Recent commentaries by Verheijde et al, Evans and Potts suggesting that donation after cardiac death practices routinely violate the dead donor rule are based on flawed presumptions. Cell biology, cardiopulmonary resuscitation, critical care life support technologies, donation and transplantation continue to inform concepts of life and death. The impact of oxygen deprivation to cells, organs and the brain is discussed in relation to death as a biological transition. In the face of advancing organ support and replacement technologies, the reversibility of cardiac arrest is now purely related to the context in which it occurs, in association to the availability and application of support systems to maintain oxygenated circulation. The 'complete and irreversible' lexicon commonly used in death discussions and legal statutes are ambiguous, indefinable and should be replaced by accurate terms. Criticism of controlled DCD on the basis of violating the dead donor rule, where autoresuscitation has not been described beyond 2 minutes, in which life support is withdrawn and CPR is not provided, is not valid. However, any post mortem intervention that re-establishes brain blood flow should be prohibited. In comparison to traditional practice, organ donation has forced the clarification of the diagnostic criteria for death and improved the rigour of the determinations.

Commentary

Our ability to support organ failure with technology and transplantation raises important questions of when a disease is irreversible, when further treatment is no longer effective and when death has occurred. Continuing scientific advance forces our communities to reflect on the concept and definition of death, and we continue to thoughtfully struggle in this regard. The practice of organ donation galvanizes these issues. In particular, the immediacy of procurement in donation after cardiac death (DCD) has incited scrutiny and ominous concerns. Observations and criticisms of existing and evolving practices are indispensable, in order guard against erosions of ethical practice. This journal has contributed to the debate with recent provocative commentaries by Verheijde et al [1] followed by supportive responses by Evans [2] and Potts [3]. All three commentaries hinge much of their criticism around the dead donor rule, and the contention that current DCD practices violate this rule. This is the focus of the ensuing discussion.

Verheijde et al contend that this rule should be abandoned but transformed to allow the removal of organs from dying rather than dead persons. Evans contends that because complex organs taken from unequivocally dead people are not suitable for transplantation, human death has been redefined so that it can be certified at an earlier stage in the dying process. Potts categorically contends that DCD should be banned from practice. Central to this discussion is the distinction of whether the DCD candidate is recently and legitimately dead, as opposed to dying but nearly and not quite dead. The authors make allegations of transgressions of ethical and moral practice by the transplant communities.

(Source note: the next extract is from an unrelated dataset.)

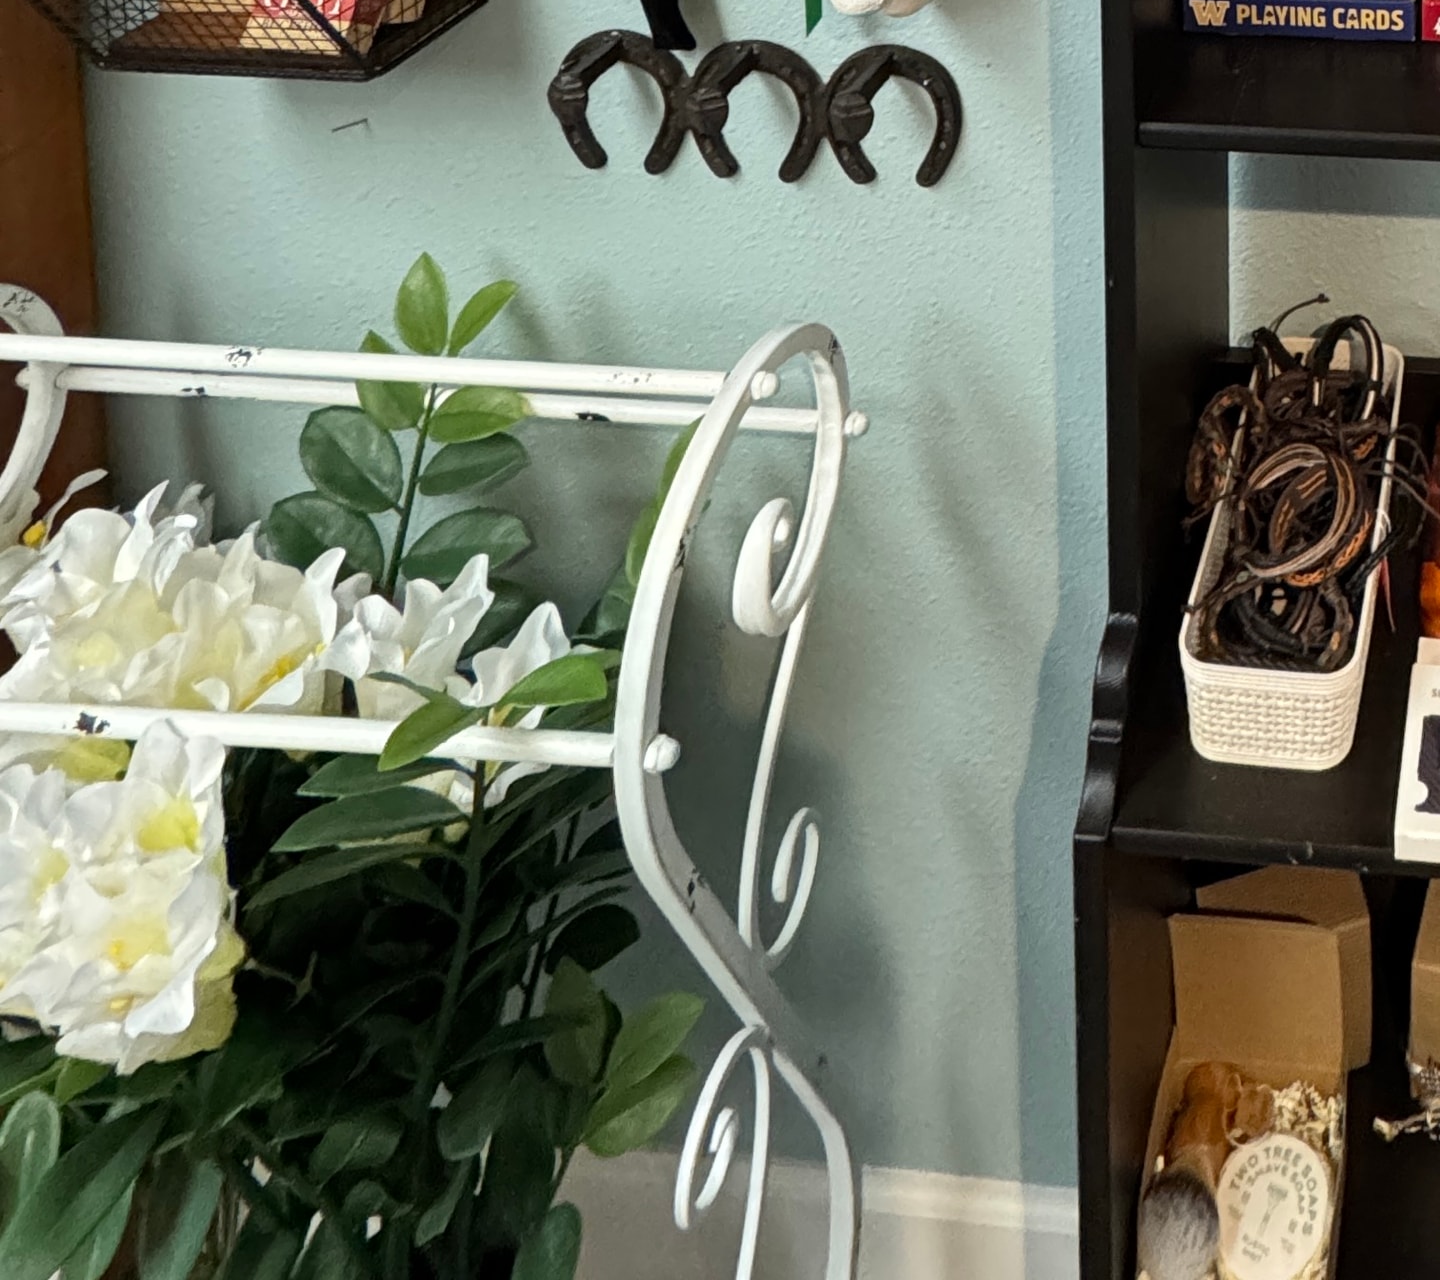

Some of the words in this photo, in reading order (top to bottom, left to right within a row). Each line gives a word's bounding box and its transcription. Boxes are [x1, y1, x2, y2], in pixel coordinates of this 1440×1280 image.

[1235, 4, 1327, 29] PLAYING
[1332, 7, 1405, 32] CARDS
[1228, 1153, 1259, 1191] TWO

Inherent to these contentions is the flawed presumption that there is and was a clear line between alive and dead and this was fully understood before and subsequent to organ donation practices. This line of 'unequivocal death', as implied by all 3 papers, was clearly delineated and is now clearly being violated. This erroneous presumption fuels much debate and misunderstanding about the complex biology of life and death. Death and our understanding of it as a biological event, with profound social, religious and psychological customs, is relative to the context of experience and the accumulation of scientific information available. This biological understanding has evolved and deepened as a direct result of technology, cell biology, organ donation and transplantation, but has been inadequately reconciled in law, health policy and bioethical discourse. Organ donation, as one of the immediate sequels to death, has forced the understanding, acceptance or persisting controversy of where that line is. For an instructive review, I refer readers to a superb historical, social and biological examination of death in a book entitled "The Way We Die" by Ivan and Melrose[4].

Historically, there has been little need for diagnostic or conceptual precision in regard to death. Early humans associated living with breathing and cessation of life was marked by unresponsiveness and the absence of respiration. The discovery of blood circulation by William Harvey in 1628 and the stethoscope in 1816 allowed the absence of heartbeat to be included in the determination. In recent decades and disturbingly so, the professional determination of death after cardiac arrest has remained rudimentary and of low rigour. Death occurred upon a doctor or coroner's determination. The criteria used were not articulated and remained untaught in training, ranging from absence of movement, breathing, heart sounds, pulse or EKG activity, applied at discretion of the attending physician. Observation and confirmation was not required and the irreversibility of death was not a practical concern, although diagnostic errors were made. Organ donation in general, and DCD in particular, has by necessity enhanced the rigour of the determination of death.

Life is fundamentally based on the maintenance of individual and collective cell function, dependent of the provision of nutrients and oxygen. Cell biology has demonstrated that a layer of human cells, separated from the human organism, may be grown in laboratory culture as long as they are bathed in a sterile supply of nutrients and oxygen. The human being, a complex arrangement of trillions of cells organized into organ systems, requires a cardiopulmonary delivery system (lung, heart and circulatory system) for oxygen and nutrients to reach the cells. The development and evolution of modern cardiopulmonary resuscitation evolving into cardiopulmonary support technologies have been important advances informing our concepts of life and death.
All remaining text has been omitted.